__EXERCISE REQUIREMENTS__.
The line containing "Some of the text" marks the start, and the last line of the records below marks the end. Print that run exactly and nothing else.

__PROVIDED RECORDS__.

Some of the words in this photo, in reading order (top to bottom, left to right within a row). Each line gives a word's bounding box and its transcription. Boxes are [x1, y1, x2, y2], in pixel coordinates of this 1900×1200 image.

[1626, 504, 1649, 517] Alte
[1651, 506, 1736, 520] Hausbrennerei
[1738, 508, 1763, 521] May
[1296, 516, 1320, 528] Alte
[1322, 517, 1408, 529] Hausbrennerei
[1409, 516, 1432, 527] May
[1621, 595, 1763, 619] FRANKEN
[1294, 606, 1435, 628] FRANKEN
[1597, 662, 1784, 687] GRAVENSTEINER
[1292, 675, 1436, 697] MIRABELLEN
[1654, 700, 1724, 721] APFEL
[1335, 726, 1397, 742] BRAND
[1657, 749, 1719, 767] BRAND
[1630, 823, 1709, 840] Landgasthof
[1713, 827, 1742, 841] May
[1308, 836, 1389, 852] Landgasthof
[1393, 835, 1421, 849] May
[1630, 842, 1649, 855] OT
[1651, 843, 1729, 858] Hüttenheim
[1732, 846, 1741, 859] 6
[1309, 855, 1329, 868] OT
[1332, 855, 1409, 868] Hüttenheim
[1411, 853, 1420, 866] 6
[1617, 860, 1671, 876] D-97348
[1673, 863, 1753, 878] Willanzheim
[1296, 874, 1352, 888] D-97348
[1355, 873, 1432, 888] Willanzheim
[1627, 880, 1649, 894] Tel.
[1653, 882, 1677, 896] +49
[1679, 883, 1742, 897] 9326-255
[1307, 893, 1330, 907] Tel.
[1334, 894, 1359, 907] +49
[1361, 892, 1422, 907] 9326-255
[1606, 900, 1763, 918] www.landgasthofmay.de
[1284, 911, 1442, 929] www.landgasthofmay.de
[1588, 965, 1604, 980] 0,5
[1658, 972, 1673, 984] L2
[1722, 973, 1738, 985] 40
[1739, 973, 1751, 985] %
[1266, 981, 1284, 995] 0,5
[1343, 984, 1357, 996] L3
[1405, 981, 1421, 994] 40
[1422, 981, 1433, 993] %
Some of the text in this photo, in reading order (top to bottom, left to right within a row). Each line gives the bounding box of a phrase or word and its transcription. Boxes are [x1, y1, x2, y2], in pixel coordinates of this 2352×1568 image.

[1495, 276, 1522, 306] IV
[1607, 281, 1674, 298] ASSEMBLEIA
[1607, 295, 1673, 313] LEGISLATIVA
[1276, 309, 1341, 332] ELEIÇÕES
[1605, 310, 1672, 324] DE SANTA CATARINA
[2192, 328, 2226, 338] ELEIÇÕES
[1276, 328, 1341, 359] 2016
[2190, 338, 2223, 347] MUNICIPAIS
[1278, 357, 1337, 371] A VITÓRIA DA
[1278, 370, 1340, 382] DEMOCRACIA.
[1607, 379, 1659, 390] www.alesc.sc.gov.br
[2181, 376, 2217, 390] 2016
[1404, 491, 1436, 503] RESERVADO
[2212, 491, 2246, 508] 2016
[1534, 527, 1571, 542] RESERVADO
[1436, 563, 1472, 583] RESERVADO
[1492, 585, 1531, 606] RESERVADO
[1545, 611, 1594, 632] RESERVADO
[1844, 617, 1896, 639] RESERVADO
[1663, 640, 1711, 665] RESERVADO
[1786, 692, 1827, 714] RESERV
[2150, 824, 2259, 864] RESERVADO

__RESPONSE TO THIS EXERCISE__.
Some of the text in this photo, in reading order (top to bottom, left to right within a row). Each line gives the bounding box of a phrase or word and its transcription. Boxes are [x1, y1, x2, y2], in pixel coordinates of this 2352×1568 image.

[1495, 276, 1522, 306] IV
[1607, 281, 1674, 298] ASSEMBLEIA
[1607, 295, 1673, 313] LEGISLATIVA
[1276, 309, 1341, 332] ELEIÇÕES
[1605, 310, 1672, 324] DE SANTA CATARINA
[2192, 328, 2226, 338] ELEIÇÕES
[1276, 328, 1341, 359] 2016
[2190, 338, 2223, 347] MUNICIPAIS
[1278, 357, 1337, 371] A VITÓRIA DA
[1278, 370, 1340, 382] DEMOCRACIA.
[1607, 379, 1659, 390] www.alesc.sc.gov.br
[2181, 376, 2217, 390] 2016
[1404, 491, 1436, 503] RESERVADO
[2212, 491, 2246, 508] 2016
[1534, 527, 1571, 542] RESERVADO
[1436, 563, 1472, 583] RESERVADO
[1492, 585, 1531, 606] RESERVADO
[1545, 611, 1594, 632] RESERVADO
[1844, 617, 1896, 639] RESERVADO
[1663, 640, 1711, 665] RESERVADO
[1786, 692, 1827, 714] RESERV
[2150, 824, 2259, 864] RESERVADO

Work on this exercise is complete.